In the ROC analysis for 30-day mortality prediction, the NEWS-L score performed the best with a value of 0.96 AUC. It was followed by NEWS and CURB-65 scores, respectively. In a study conducted by Jo et al[4], the NEWS-L score was found to be the first rank and the NEWS score was the second rank, consistent with our results. CURB-65 and PSI performed moderately with the latter having a better AUC than the former[4]. However, in our study, the PSI score was the weakest predictor of mortality. In the PSI score, patients with neoplastic disease history and liver disease were in high risk group[5]. It was presumed that the blood glucose, Hct and sodium levels used in the evaluation of PSI score were normal at the time of our study, which categorized the patients as low risk. Chen et al[12] have found that the use of the CURB-65 score alone predicts the mortality poorly. In a study by Gwak et al[13], the mortality rate of patients with PSI scores grades 1 and 2 was 2.4 per cent.
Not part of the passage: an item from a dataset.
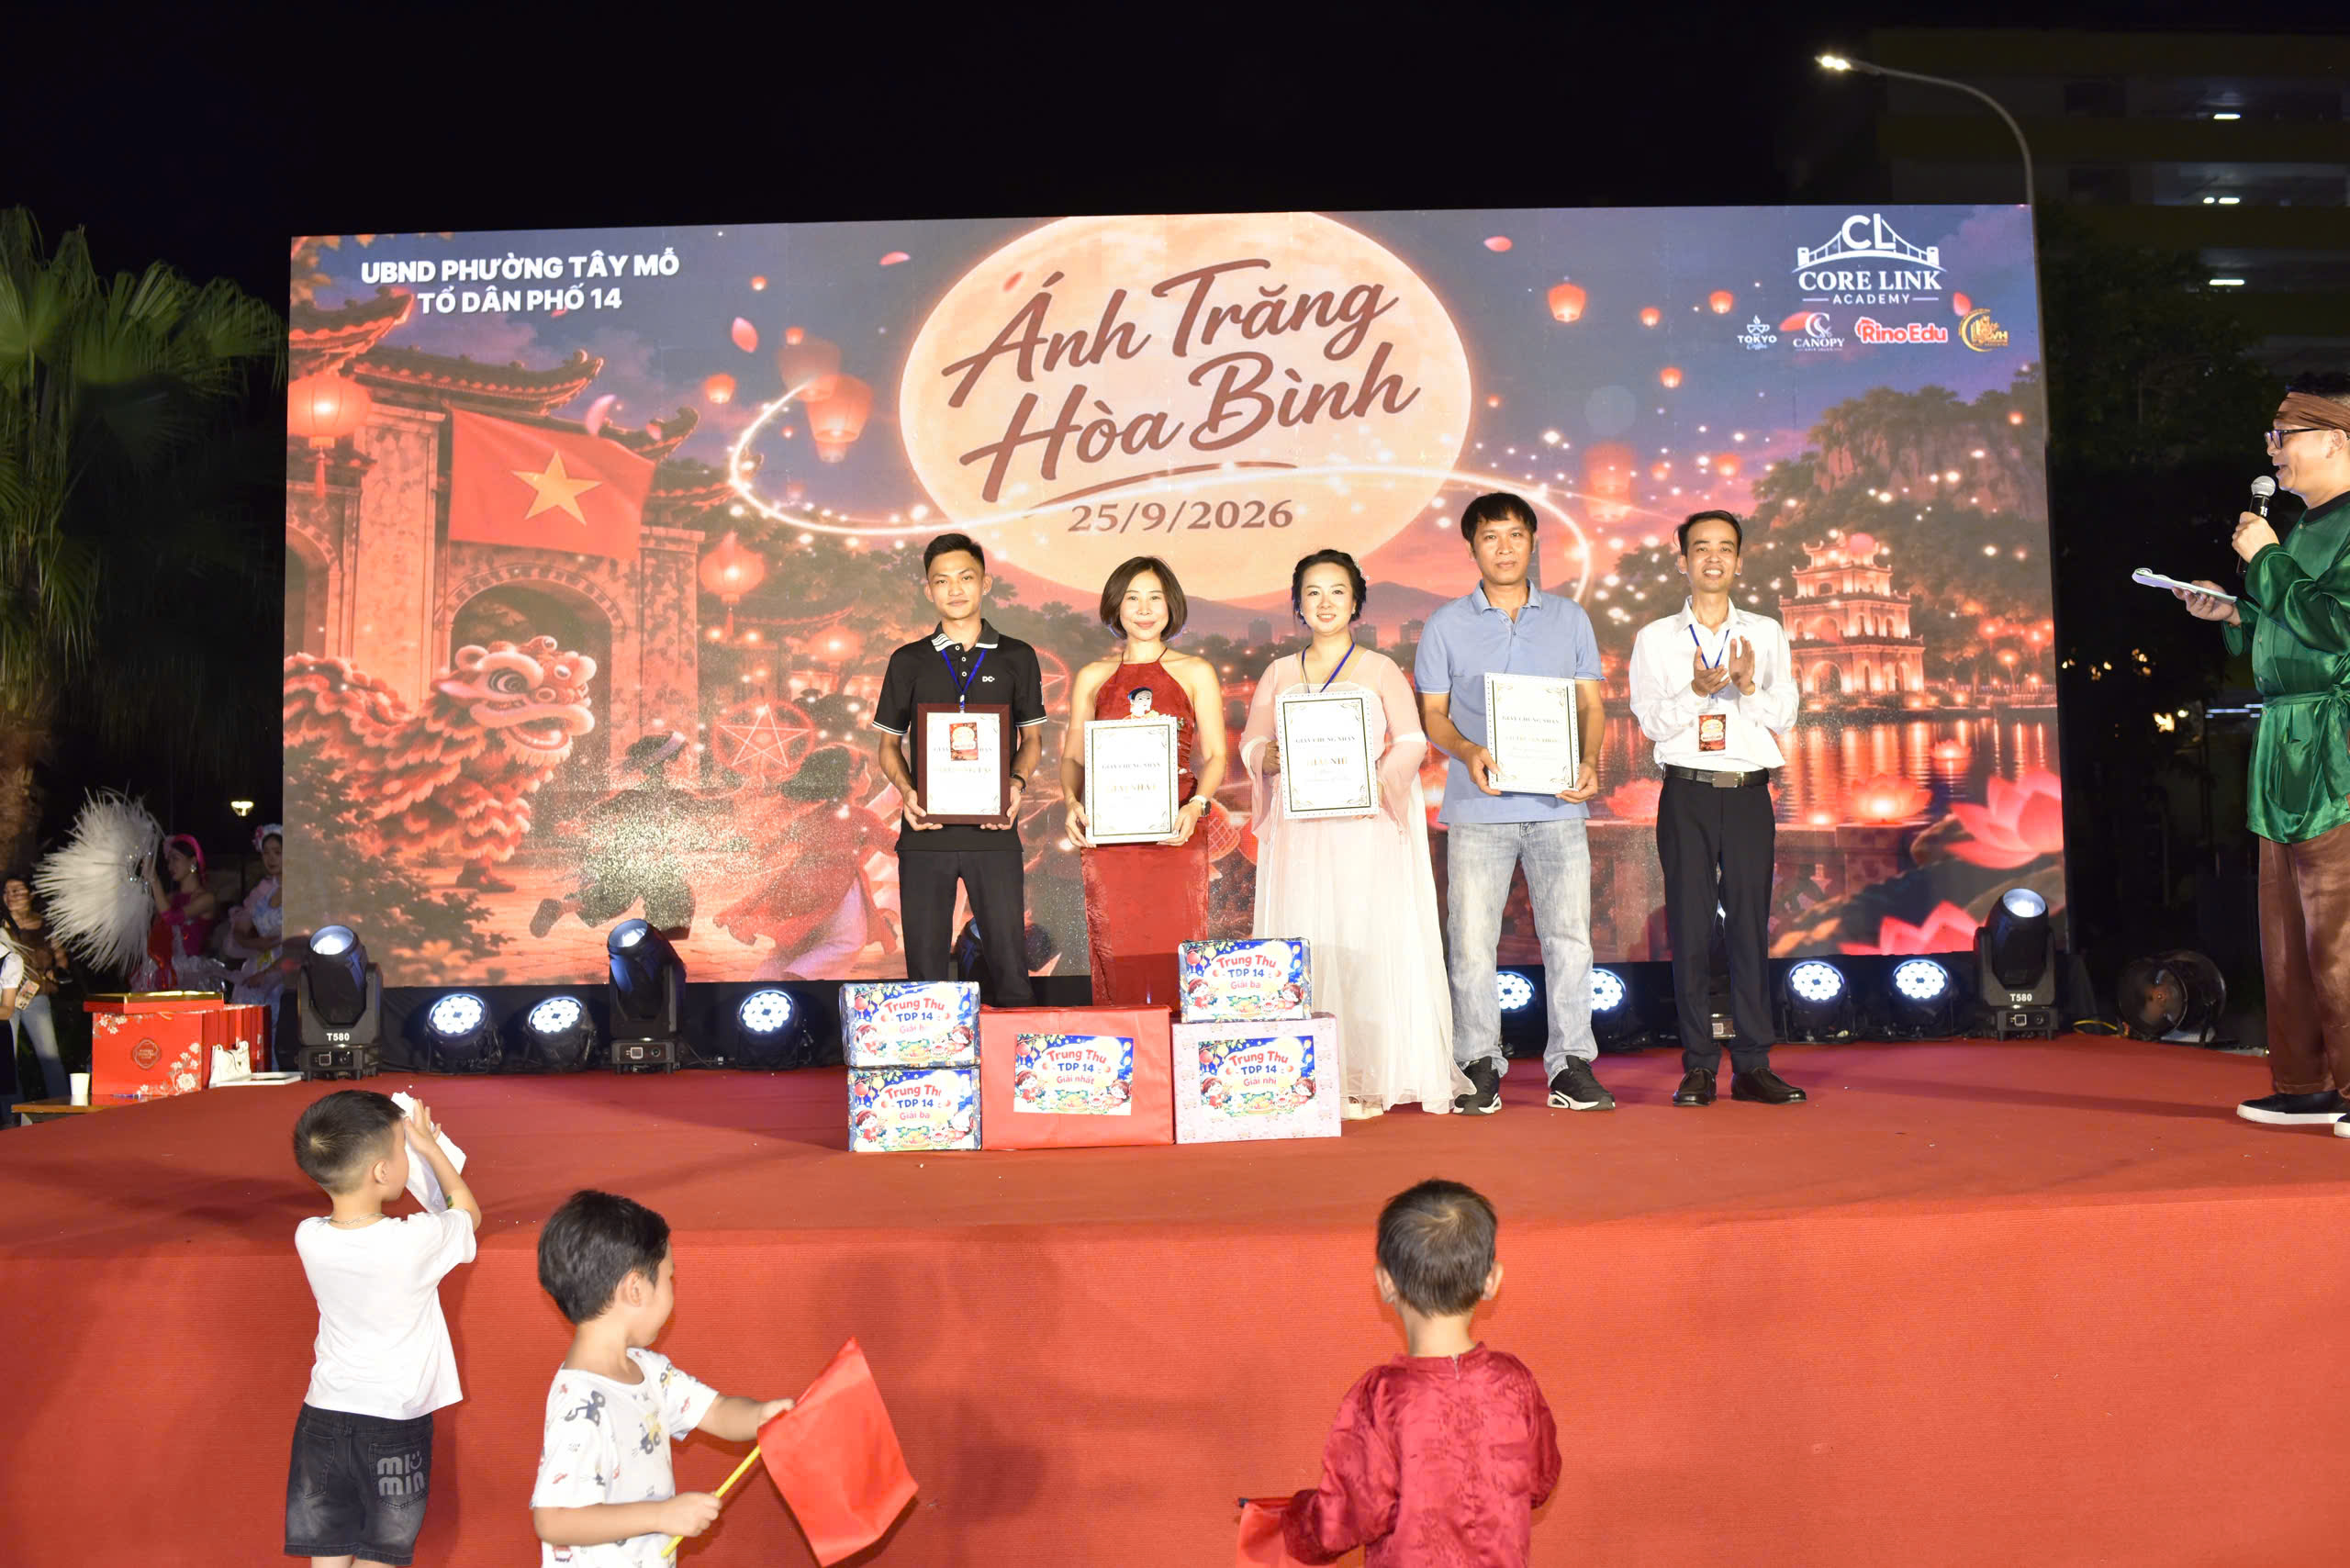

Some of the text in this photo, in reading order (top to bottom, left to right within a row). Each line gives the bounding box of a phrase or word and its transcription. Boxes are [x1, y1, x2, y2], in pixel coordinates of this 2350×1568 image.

Jo et al[4] found that vital signs constituted more significant effects in the NEWS and NEWS-L scores than in the PSI and CURB-65 scores, which led to better performance in predicting 30-day mortality. In our study, significant differences were found in all scores when pneumonia severity scores of patients who died in 30 days as with that who survived. Jo et al[4] found significant differences between the dead and survivors for NEWS, NEWS-L, CURB-65 and PSI scores. Gwak et al[13] also compared the PSI score in the deceased and surviving groups and found a significant difference. Our results were consistent with these studies.
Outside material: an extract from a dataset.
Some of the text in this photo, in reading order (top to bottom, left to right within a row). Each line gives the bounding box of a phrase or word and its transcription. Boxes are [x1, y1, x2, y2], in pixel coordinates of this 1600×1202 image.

In the ROC analysis for hospitalization of pneumonia severity scores, the NEWS-L score ranked first with an AUC of 0.72, followed by NEWS, CURB-65 and PSI scores, respectively. Chen et al[12] calculated an AUC of 0.61 for CURB-65 in ROC analysis for hospitalization. This rate was comparable with our study. These results indicated that the NEWS and NEWS-L scores predicted hospitalization better than the other scores. NEWS and NEWS-L scores ranked first in ROC analysis of all pneumonia severity scores in terms of ICU necessity. Chen et al[12] found that ROC analysis value for intensive care requirement of the lactate-CURB-65 combination was better than CURB-65 score alone.
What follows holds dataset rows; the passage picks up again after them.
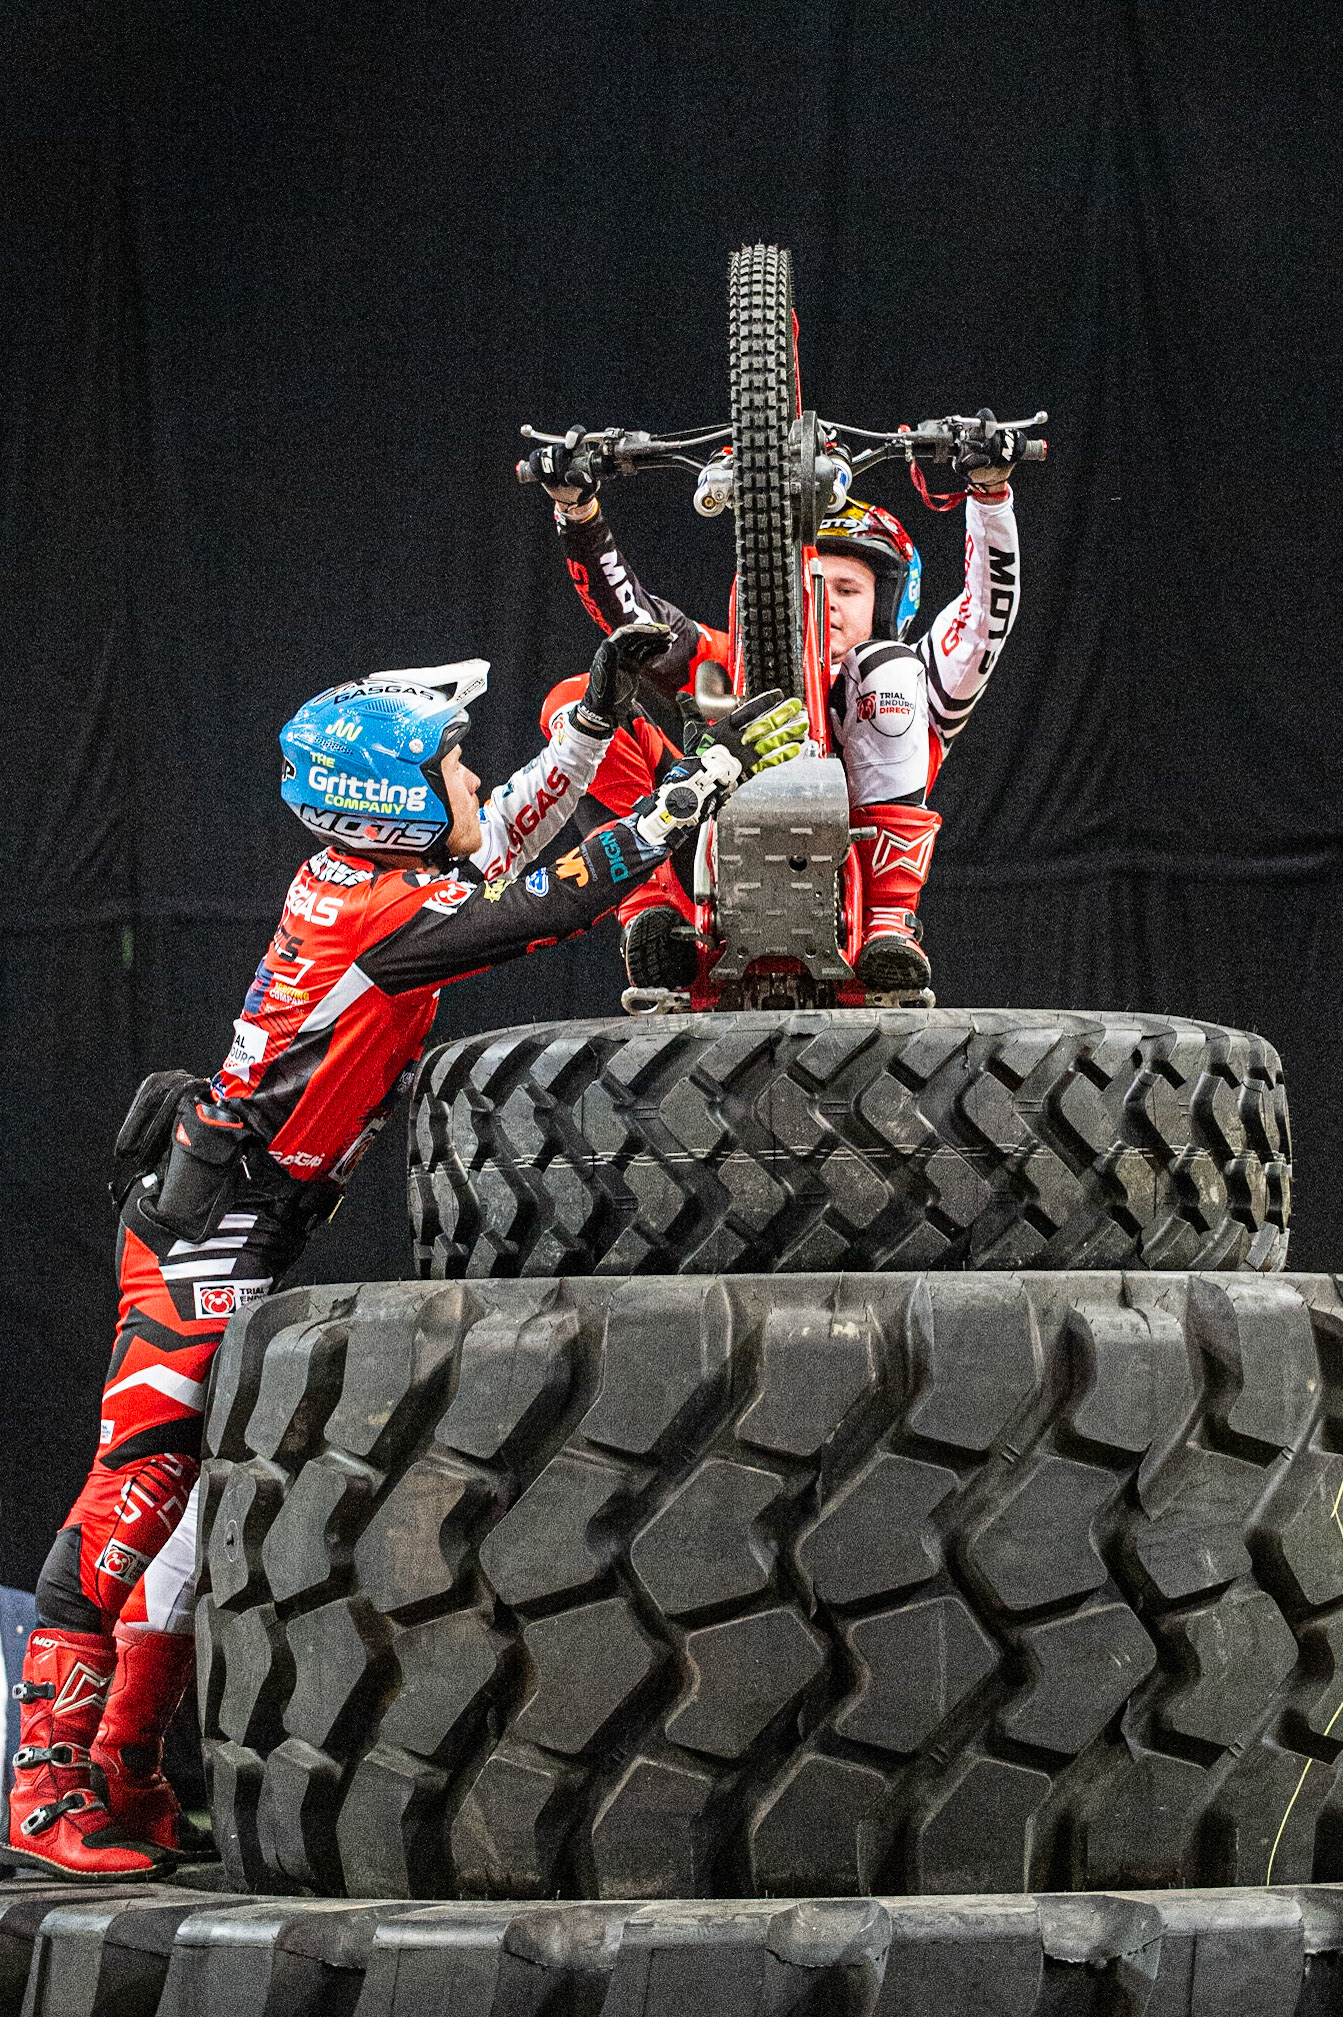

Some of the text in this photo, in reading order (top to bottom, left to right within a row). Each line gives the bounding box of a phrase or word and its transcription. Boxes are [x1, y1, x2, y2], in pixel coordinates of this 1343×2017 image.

[820, 518, 857, 530] OTS
[333, 685, 434, 705] GASGAS
[880, 692, 905, 700] TRIAL
[879, 707, 911, 716] DIRECT
[880, 700, 915, 710] ENDURO
[310, 751, 336, 768] THE
[308, 766, 429, 812] Gritting
[324, 793, 405, 815] COMPANY
[300, 803, 443, 848] MOTS
There has been a significant difference between lactate levels of deceased and alive patients in studies conducted in patients with pneumonia[12],[13],[14]. Our results were consistent with these studies. All these studies indicate that lactate level plays an important role in the prognosis of patients with pneumonia. As the NEWS-L score includes lactate acid, it performs better than other score in predicting the 30-day mortality, need for hospitalization and intensive care. There was a significant difference between all the scores when the pneumonia severity scores of the patients who were hospitalized were compared with those who received medical therapy at home. These findings were consistent with the study by Chen et al[12] for CURB-65.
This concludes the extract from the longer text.